PROBLEM DETAILS: Type out the complete listing below word for word, without its pictures.

DATA PROVIDED:

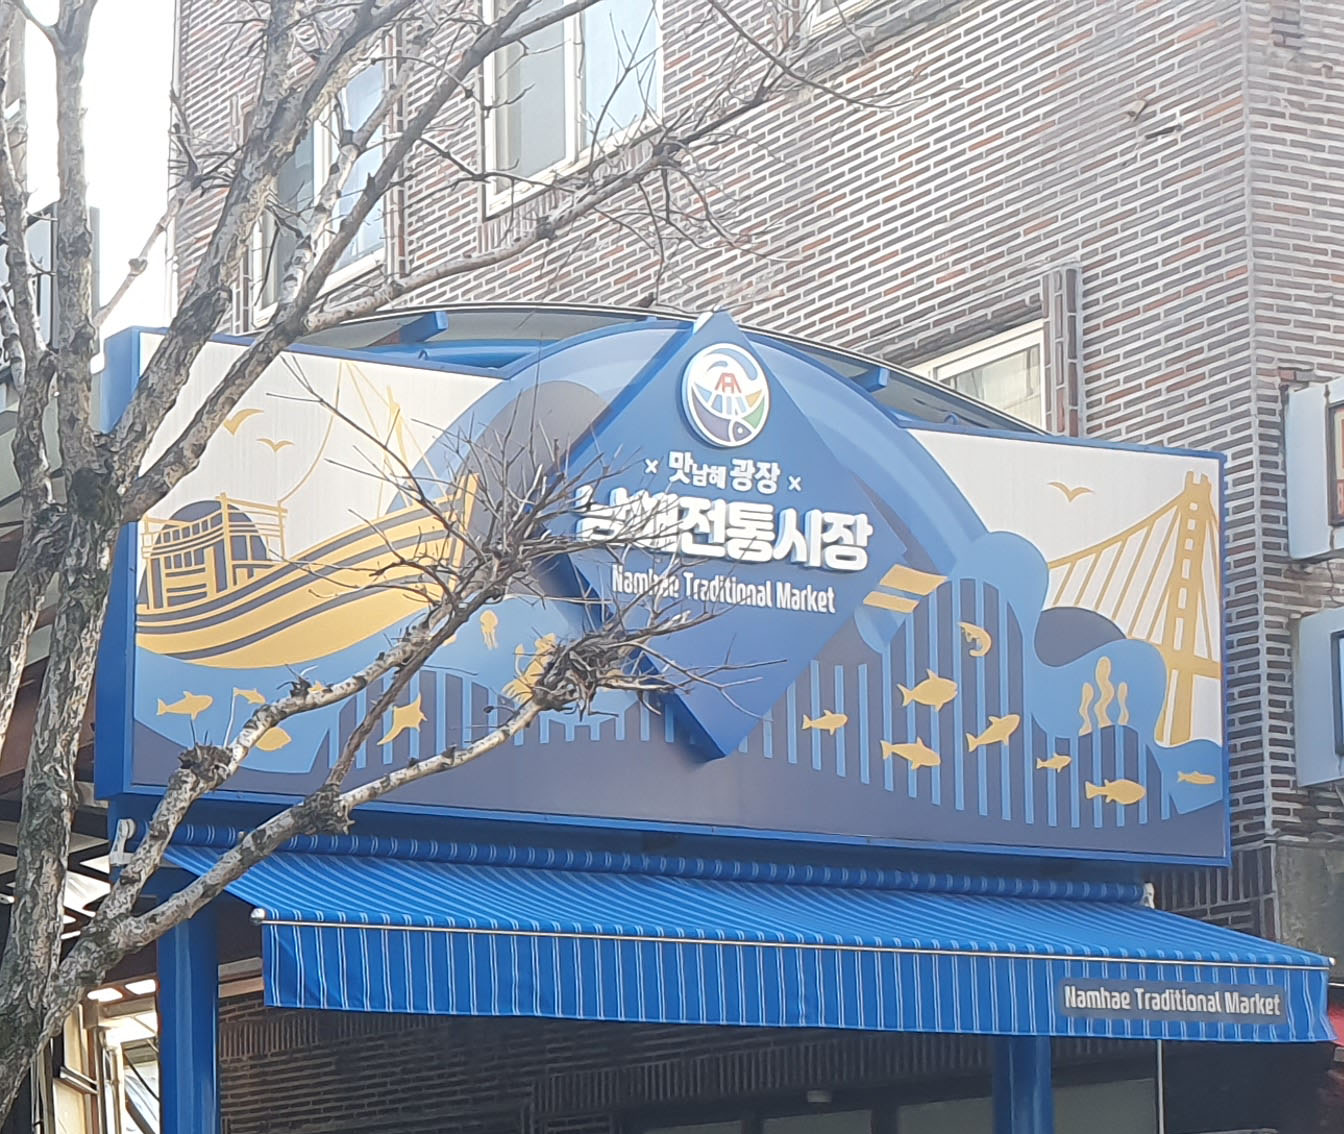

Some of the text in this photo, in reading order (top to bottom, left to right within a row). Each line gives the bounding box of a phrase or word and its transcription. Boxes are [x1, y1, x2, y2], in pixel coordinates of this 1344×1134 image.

[729, 457, 781, 495] 광장
[683, 571, 773, 608] Traditional
[776, 580, 837, 614] Market
[1064, 985, 1281, 1016] Namhae Traditional Market

WRITTEN RESPONSE:
Some of the text in this photo, in reading order (top to bottom, left to right within a row). Each line gives the bounding box of a phrase or word and its transcription. Boxes are [x1, y1, x2, y2], in pixel coordinates of this 1344×1134 image.

[729, 457, 781, 495] 광장
[683, 571, 773, 608] Traditional
[776, 580, 837, 614] Market
[1064, 985, 1281, 1016] Namhae Traditional Market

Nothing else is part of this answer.